Department of Defense awards $7 million crowdsourced security contracts to HackerOne and Synack
The U.S. Department of Defense (DoD) announced on October 20 that it awarded contracts for crowdsourced vulnerability discovery and disclosure programs to HackerOne and Synack. The contracts will enable DoD to create a vehicle for future crowdsourced challenges and reward the research community to identify and resolve security vulnerabilities within DoD digital assets. The two-pronged effort in partnership with Synack and HackerOne will harness the power of security researchers to scour the DoD’s applications, websites and networks for vulnerabilities.
After the success of the “Hack the Pentagon” pilot led by Defense Digital Services and managed by HackerOne, the DoD will launch a full-scale program to include more public facing properties as well as mission-critical assets through two distinct contracts. The first contract, awarded to HackerOne, will allow DoD and HackerOne to run bug bounty challenges similar to Hack the Pentagon to protect public facing assets and domains. The new contract, awarded to Synack, is modeled after a private, managed bounty incentive model utilizing only highly vetted researchers and is focused on the DoD’s sensitive IT assets.

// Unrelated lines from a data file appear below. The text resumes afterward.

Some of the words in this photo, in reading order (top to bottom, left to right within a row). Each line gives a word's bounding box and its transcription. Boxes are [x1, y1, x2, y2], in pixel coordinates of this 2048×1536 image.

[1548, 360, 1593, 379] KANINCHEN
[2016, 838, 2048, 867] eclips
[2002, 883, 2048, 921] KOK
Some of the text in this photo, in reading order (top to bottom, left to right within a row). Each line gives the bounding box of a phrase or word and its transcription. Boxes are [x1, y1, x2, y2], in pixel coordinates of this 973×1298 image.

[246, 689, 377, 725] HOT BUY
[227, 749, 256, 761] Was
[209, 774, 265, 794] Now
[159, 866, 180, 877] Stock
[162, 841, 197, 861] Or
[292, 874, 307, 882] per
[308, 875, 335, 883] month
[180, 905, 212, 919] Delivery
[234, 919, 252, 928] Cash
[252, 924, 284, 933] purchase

The RFP was issued in August 2016. After completing a thorough and competitive process for each of the contracts, the DoD, moving with a pace more common to a Silicon Valley company, awarded these two contracts in September 2016. The combined contracts are valued at $7 million and are expected to cover up to 14 challenges and reward hundreds of security researchers.
“As adversaries become more sophisticated and the threat environment continues to evolve, maintaining the highest levels of security has never been more important,” said Mark Wright, Spokesman at Office of the Secretary of Defense. “By partnering with these leading crowdsourced security companies, we can take a much more innovative, diverse, scalable and effective approach to better protect and defend our digital assets.”

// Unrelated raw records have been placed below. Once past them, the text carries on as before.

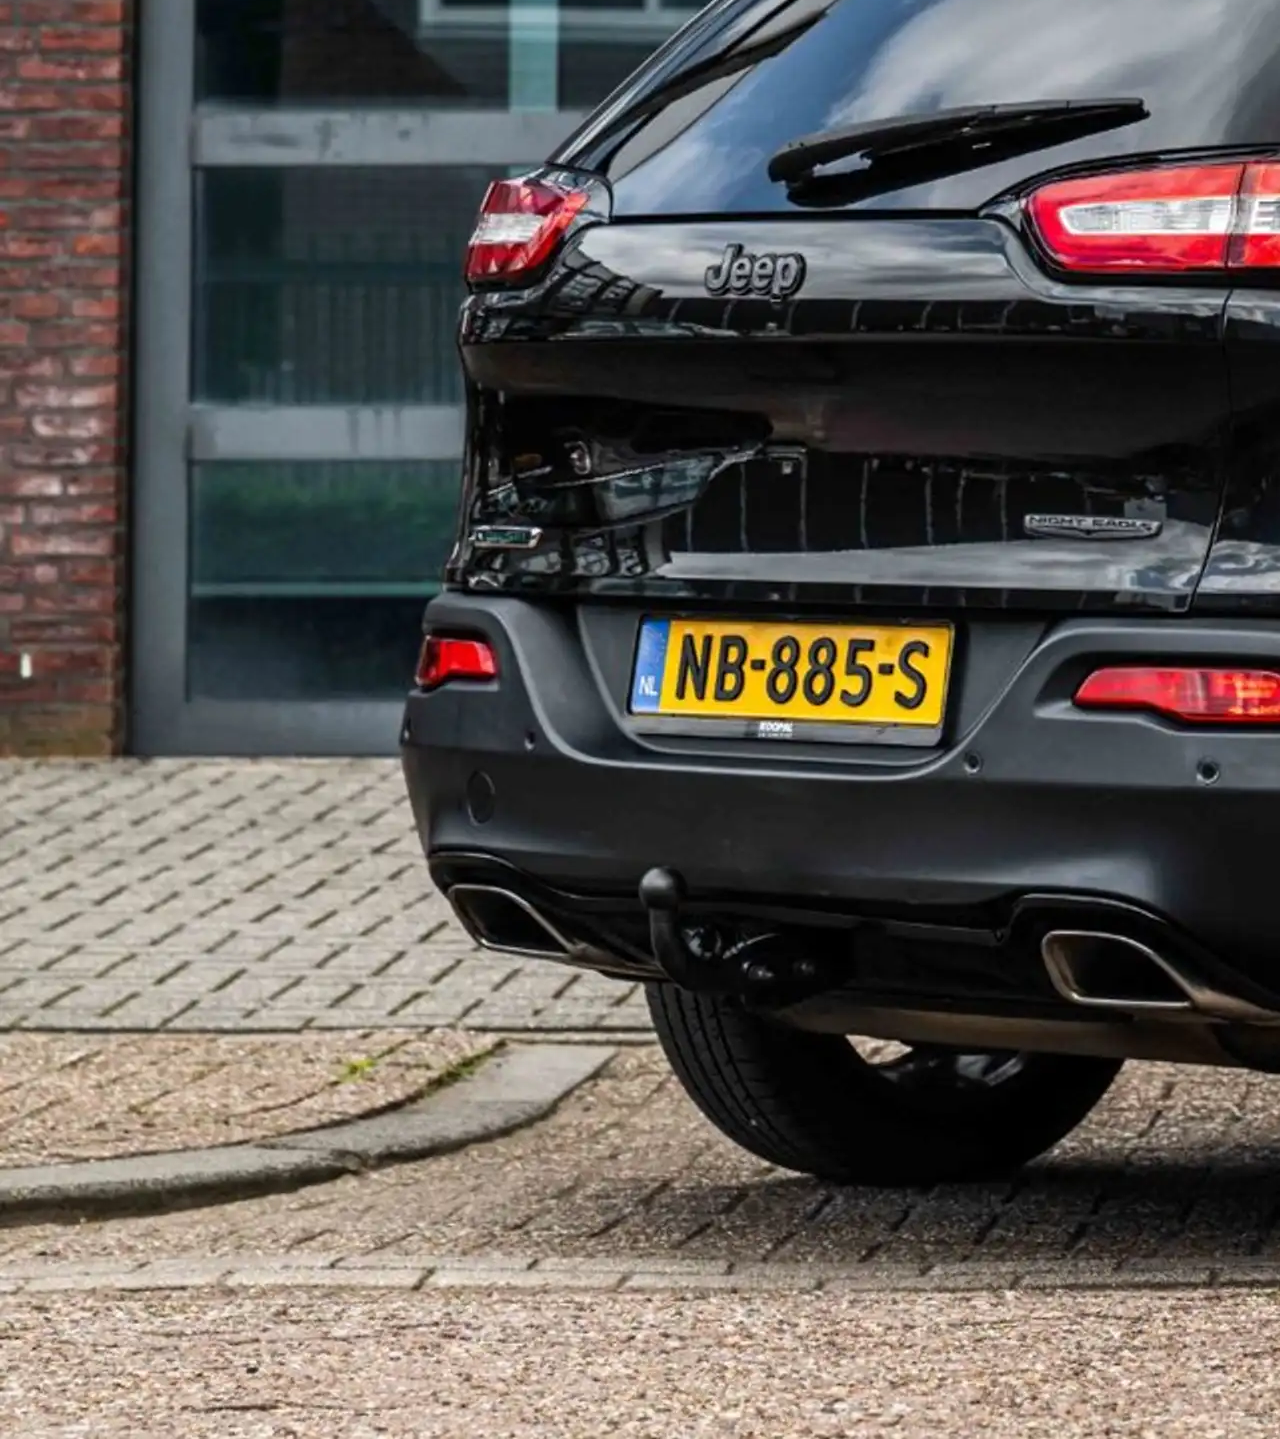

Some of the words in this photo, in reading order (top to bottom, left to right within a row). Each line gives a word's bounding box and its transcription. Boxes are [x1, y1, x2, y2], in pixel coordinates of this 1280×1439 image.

[704, 243, 806, 301] Jeep
[638, 675, 658, 696] NL
[676, 633, 930, 709] NB-885-S
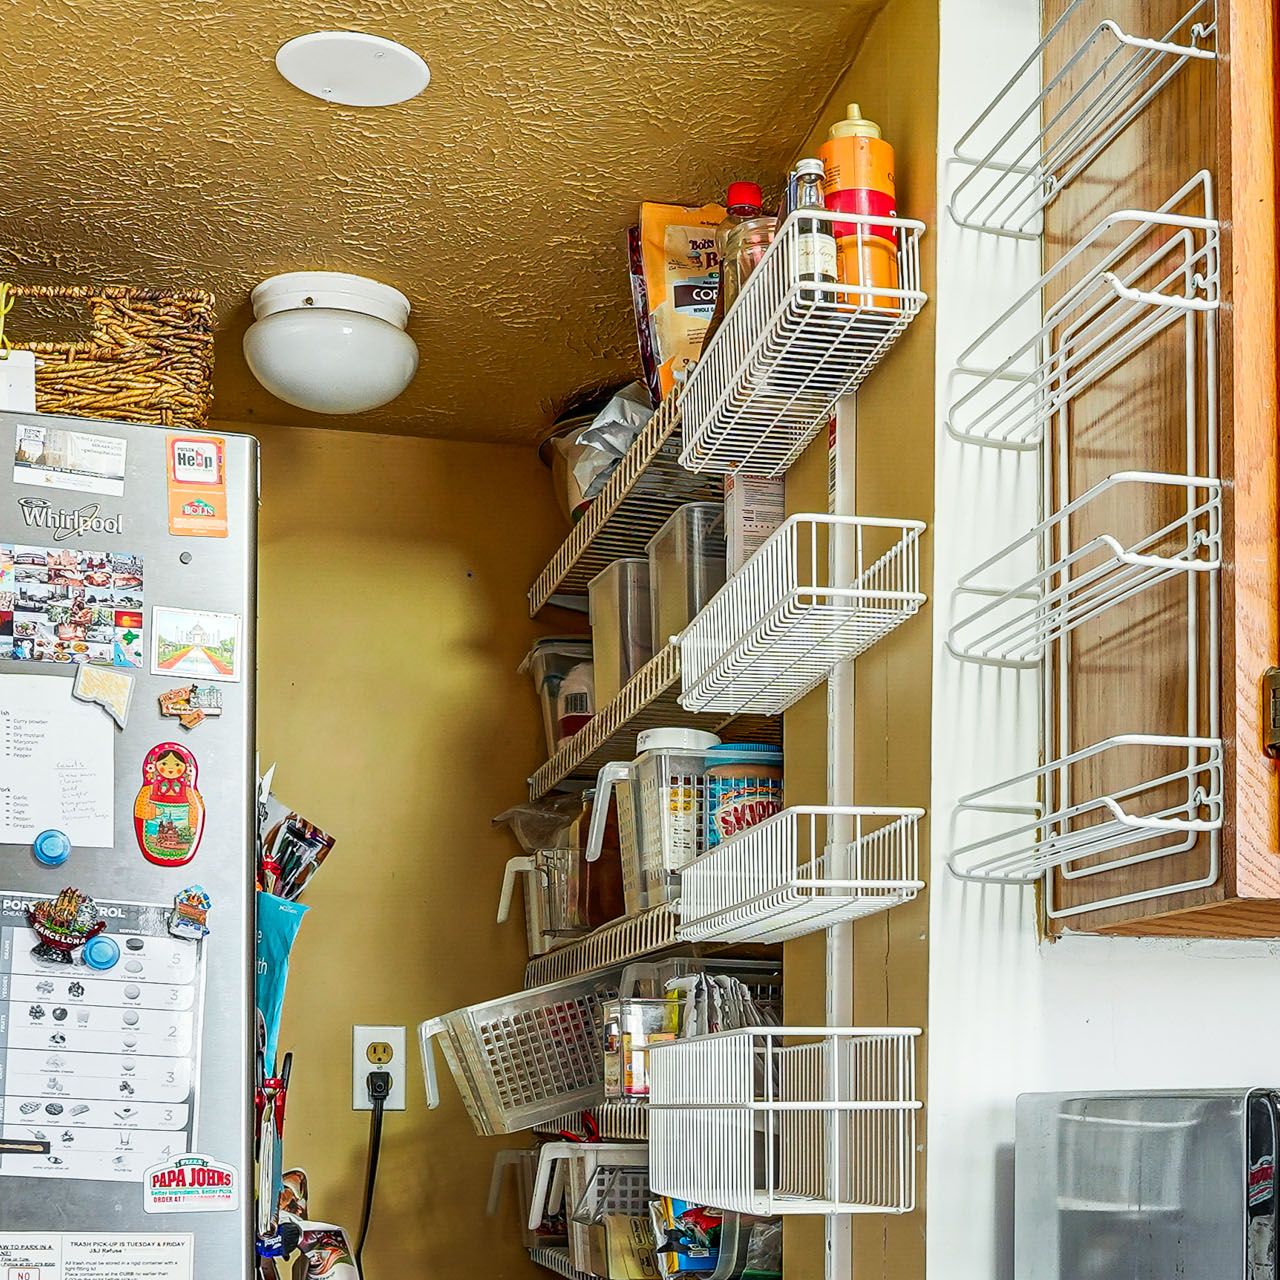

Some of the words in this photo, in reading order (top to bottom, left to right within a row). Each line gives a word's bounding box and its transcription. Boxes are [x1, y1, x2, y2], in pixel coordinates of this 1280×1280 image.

[22, 505, 123, 536] Whirlpool
[34, 923, 86, 945] BARCELONA
[172, 953, 181, 965] 5
[170, 989, 178, 1001] 3
[168, 1026, 177, 1038] 2
[166, 1071, 175, 1083] 3
[164, 1109, 173, 1121] 3
[152, 1170, 186, 1187] PAPA
[188, 1168, 231, 1187] JOHNS
[17, 1272, 30, 1280] NO

“No government or organization is so powerful that it does not need outside help identifying security issues. Working with the external hacker community will supplement the crucial cybersecurity work that DoD is doing internally,” said Marten Mickos, CEO HackerOne. “Securing our online society is paramount and this puts the U.S. federal government in the forefront.”
“This award really marks a turning point in harnessing innovation to secure the nation’s most critical assets. We now have one of the largest enterprises carrying some of the world’s most sensitive information embracing Crowd Security Intelligence™,” said Jay Kaplan, CEO of Synack. “As attacks become more sophisticated, the DoD is taking a much needed innovative approach to security by harnessing the world’s best security researchers. Over the last two years we have been able to deliver actionable results to our F500/G500 customers. Now it’s rewarding to be able to deliver those same benefits to the DoD.”